Anyway, I just wanted to follow up and say that I think it's
just *fine* that you tend to interpret your own experiences
in terms of hypnosis, and the altered states that can be
achieved via hypnosis. All I'm saying is that that model
really doesn't cover all the bases as far as my own personal
experience goes. Someday it's possible that my "recognition"
theory won't cover all the bases, either, and at that point
I'll probably find another. Theories about How Things Work
are just something one does to pass the time. They're enter-
tainment, nothing more.
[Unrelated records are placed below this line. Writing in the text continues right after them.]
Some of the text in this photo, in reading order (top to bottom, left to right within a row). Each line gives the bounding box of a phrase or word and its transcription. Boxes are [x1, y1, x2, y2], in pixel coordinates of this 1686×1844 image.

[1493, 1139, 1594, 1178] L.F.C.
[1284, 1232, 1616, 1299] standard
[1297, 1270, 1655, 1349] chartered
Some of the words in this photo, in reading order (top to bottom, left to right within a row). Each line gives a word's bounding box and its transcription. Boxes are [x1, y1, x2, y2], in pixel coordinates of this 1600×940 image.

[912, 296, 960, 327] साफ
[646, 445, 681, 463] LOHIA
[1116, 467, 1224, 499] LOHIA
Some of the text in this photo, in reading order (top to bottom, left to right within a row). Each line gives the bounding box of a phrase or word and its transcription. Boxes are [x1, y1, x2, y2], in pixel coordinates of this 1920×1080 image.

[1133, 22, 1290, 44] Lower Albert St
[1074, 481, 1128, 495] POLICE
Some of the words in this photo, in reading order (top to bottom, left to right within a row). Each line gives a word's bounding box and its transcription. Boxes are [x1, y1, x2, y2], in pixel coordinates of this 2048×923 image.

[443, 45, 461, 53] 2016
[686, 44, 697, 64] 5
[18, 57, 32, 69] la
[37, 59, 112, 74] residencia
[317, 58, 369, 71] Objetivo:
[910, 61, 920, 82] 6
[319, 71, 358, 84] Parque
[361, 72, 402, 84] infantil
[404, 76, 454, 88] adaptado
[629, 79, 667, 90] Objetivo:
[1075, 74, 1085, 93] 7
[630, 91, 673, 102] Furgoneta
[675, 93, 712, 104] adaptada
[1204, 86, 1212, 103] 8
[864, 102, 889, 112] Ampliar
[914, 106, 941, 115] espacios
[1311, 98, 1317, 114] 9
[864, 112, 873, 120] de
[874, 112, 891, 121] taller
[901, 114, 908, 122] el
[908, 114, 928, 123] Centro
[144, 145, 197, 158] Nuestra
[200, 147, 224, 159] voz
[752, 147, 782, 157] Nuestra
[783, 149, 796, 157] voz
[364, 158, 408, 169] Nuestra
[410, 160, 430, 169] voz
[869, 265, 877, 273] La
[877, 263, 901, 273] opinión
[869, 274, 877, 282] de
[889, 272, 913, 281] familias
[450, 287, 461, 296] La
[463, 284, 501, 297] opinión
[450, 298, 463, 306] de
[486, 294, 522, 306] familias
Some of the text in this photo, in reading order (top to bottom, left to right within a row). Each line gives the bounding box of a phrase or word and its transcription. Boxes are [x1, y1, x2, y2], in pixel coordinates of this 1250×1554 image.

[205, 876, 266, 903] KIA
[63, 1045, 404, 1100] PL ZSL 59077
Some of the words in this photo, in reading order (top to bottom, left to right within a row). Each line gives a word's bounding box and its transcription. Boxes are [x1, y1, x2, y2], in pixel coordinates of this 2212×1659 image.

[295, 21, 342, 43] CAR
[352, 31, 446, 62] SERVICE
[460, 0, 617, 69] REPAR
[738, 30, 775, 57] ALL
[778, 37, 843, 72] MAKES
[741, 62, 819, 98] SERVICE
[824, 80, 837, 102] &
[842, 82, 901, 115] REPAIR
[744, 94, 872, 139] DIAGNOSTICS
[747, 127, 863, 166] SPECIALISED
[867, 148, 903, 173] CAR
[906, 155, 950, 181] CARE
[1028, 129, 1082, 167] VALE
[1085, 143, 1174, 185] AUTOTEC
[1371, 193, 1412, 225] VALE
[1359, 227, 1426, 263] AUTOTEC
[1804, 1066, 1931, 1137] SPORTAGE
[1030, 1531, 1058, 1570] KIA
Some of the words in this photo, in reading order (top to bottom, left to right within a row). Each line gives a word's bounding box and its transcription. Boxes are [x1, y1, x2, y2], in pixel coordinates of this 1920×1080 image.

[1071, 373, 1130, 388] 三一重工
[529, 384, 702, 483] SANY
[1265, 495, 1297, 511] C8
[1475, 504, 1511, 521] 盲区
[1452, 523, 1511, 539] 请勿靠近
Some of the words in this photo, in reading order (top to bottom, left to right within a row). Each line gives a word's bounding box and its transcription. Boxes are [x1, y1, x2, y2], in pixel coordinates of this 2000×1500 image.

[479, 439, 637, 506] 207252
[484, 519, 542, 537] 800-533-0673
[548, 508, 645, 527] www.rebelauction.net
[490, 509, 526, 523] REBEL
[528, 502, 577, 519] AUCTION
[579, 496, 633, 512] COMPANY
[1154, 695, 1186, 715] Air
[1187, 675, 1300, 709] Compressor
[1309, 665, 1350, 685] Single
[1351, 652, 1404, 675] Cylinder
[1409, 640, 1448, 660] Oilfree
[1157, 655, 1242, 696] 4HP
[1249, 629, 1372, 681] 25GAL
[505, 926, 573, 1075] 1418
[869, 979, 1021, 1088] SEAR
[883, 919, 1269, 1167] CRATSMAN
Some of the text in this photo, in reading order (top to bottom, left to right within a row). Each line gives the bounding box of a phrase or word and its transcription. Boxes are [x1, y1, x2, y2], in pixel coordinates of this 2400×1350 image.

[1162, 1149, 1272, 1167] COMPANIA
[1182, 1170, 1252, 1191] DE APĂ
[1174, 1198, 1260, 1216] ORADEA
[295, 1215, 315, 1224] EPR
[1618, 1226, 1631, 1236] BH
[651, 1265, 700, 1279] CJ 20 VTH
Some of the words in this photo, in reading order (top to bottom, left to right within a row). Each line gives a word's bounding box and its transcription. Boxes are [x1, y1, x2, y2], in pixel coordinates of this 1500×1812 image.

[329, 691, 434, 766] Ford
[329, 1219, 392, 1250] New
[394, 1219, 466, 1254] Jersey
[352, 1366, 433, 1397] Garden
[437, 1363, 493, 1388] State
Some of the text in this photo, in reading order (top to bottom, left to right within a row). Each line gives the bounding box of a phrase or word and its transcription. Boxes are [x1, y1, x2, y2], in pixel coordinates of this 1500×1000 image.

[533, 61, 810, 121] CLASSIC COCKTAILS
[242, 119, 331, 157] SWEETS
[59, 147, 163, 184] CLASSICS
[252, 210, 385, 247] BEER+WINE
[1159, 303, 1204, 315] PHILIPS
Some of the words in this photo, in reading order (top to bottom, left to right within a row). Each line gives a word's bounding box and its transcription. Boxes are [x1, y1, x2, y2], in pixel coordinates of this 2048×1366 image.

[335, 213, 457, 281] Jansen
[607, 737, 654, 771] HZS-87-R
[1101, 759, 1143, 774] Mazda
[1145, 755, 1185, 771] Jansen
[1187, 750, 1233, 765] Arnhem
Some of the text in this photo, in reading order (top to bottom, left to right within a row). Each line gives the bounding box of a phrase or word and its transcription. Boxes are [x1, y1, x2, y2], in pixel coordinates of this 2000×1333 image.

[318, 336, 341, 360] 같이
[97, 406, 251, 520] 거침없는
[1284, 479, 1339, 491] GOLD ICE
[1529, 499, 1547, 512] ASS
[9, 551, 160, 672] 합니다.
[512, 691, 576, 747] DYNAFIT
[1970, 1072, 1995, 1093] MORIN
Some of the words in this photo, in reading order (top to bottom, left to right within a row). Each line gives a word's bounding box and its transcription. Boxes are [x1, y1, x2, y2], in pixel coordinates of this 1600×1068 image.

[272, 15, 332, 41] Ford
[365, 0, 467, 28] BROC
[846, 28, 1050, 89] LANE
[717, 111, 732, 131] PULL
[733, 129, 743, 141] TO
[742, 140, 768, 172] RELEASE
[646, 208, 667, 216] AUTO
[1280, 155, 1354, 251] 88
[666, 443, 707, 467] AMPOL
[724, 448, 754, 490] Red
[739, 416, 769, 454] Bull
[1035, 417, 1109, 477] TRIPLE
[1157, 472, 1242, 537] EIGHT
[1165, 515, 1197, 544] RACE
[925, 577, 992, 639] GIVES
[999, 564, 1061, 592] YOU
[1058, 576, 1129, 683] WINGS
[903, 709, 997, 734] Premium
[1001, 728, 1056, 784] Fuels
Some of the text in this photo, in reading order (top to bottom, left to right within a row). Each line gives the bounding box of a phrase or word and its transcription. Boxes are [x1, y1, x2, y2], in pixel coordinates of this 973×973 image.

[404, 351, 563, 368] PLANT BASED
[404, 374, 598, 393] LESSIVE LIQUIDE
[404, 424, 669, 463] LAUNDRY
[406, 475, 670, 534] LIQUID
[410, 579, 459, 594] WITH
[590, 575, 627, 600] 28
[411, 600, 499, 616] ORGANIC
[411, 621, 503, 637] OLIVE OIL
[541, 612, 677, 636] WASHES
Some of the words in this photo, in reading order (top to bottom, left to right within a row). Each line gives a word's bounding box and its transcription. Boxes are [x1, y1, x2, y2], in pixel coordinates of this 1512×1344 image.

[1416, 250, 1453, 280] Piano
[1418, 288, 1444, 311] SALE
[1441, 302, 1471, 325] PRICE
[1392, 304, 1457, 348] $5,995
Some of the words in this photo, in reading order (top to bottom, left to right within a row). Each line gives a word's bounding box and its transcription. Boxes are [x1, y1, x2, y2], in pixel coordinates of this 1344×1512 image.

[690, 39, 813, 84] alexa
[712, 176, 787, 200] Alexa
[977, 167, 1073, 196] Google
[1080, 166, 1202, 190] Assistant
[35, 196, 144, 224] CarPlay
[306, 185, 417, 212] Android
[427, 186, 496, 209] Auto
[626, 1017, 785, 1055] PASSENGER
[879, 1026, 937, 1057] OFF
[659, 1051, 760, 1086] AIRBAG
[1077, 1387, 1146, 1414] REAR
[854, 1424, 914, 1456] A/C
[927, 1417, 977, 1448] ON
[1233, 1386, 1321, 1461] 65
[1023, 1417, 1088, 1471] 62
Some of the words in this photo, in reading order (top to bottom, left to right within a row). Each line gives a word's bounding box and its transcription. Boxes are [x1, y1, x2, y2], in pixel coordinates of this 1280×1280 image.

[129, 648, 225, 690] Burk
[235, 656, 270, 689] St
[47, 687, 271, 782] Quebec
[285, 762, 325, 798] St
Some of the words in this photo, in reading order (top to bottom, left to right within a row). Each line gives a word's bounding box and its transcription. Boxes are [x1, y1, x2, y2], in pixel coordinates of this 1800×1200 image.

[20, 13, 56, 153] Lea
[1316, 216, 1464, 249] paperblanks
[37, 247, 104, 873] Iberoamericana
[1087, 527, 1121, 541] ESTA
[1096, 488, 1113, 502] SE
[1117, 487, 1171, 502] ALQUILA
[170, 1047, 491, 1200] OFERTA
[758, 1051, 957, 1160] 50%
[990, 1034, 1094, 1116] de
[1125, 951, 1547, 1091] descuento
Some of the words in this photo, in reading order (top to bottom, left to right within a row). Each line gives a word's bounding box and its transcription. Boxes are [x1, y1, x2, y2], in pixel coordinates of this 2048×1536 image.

One doesn't have to be a slave to
them. :-)


Nice follow up.  The states of mind we experience in the presence of
other people is one of life's cool mysteries.  I got a great buzz from
talking with one of my music heroes, John Hammond and laying my CD on
him.  I think we have a bunch on interesting stuff programmed into our
chimp brains when relating to an alpha in the room that we don't know
too much about consciously.  This doesn't apply to the experiences you
described, but I thought I would throw that into the pile.  Keep
throwing your own points  out there my brother, that why I am here.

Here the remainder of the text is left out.